Parasyte (my all-time favourite manga - great action, really interesting characters and a crisp story with the right length. - It's about a guy whose arm gets infested with a parasite-like alien who through various circumstances ends up fighting against some of the other parasites who started living among the humans. Sounds cheesy but it's not.)

Monster (probably the one I'd consider "Literary art" :) - A surgeon saves a kid from a fatal wound who ends up becoming a murderer. When the surgeon finds out he decides to pursue and kill the guy to "undo" the fact that he saved him)

20th Century Boys (the quality of the story is debatable - the writing is certainly great, as it's from Urasawa as well, but the manga drags on noticeably on multiple occasions and the ending could have been much better. Still definitely worth reading, though. I won't bother describing the story as it's pretty complicated.)
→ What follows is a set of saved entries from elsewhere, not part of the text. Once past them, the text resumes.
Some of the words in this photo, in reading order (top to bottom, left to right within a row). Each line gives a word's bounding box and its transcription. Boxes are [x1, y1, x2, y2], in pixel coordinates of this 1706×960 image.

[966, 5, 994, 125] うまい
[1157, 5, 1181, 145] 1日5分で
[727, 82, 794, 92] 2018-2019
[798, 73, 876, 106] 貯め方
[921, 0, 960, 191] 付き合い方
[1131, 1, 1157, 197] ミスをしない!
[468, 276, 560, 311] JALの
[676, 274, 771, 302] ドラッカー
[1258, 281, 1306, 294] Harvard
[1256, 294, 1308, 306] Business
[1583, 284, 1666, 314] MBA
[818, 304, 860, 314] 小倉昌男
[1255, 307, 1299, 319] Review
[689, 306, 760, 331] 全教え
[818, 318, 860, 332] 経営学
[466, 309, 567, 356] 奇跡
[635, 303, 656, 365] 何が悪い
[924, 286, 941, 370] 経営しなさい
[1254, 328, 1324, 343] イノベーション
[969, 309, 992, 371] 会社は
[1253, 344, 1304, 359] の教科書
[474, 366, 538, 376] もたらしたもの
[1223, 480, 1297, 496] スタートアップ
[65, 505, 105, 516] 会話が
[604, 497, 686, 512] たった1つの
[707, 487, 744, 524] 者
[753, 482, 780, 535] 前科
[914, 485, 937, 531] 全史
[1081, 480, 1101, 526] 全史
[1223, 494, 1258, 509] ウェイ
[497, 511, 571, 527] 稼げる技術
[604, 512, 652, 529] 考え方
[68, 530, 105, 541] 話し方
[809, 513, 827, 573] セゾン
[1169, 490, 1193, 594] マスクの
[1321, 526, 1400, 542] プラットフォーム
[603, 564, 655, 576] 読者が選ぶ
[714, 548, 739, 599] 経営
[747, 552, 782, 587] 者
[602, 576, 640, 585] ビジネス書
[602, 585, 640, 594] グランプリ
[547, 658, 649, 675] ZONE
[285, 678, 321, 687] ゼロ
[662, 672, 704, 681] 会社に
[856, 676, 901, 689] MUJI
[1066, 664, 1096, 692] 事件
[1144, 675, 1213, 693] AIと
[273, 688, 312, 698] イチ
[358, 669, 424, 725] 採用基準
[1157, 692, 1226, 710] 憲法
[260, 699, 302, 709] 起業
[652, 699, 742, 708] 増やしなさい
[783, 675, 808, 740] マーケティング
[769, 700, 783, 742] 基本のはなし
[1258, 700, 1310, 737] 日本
Akumetsu (possibly the least sophisticated of the bunch. Lots of action and elaborate discussions of politics :p - Not much to say about the story without spoiling but basically it's about a guy killing off "bad" politicians by suiciding along with them in a spectacular way)
 

Queen Michael

has read 4,010 manga books
Jun 9, 2009
10,400
0
0
Tanakh said:
Queen Michael said:
Faurthermore, the manga of est em [sic] is great. Please don't be scared off by the fact that it's yaoi; it's well-written stories that just happen to be about men in love.
If Loveless is any mark, then the yaoi mangas seem quite good. Still i can't seem to get into them, but at the very least they have entertained me much more than the shojo or harem mangas. Hopefully est em might try to do some less niche work, we'll see.
est em's mangas is nothing like Loveless (which I found boring, but more power to you if you liked it). They're realistic (as opposed to fantasy and sf) dramas.

Oh, and another manga that suits this category is Eagle. It's a story of an Asian-American trying to become president. A reporter doing a story on him is the protagonist. Very, very good. And it's one of those mangas where they behave like real people and not like comic book characters, which I always took as a reliable sign of whether a manga is serious or not. Though it has no connection at all to whether it's good or not.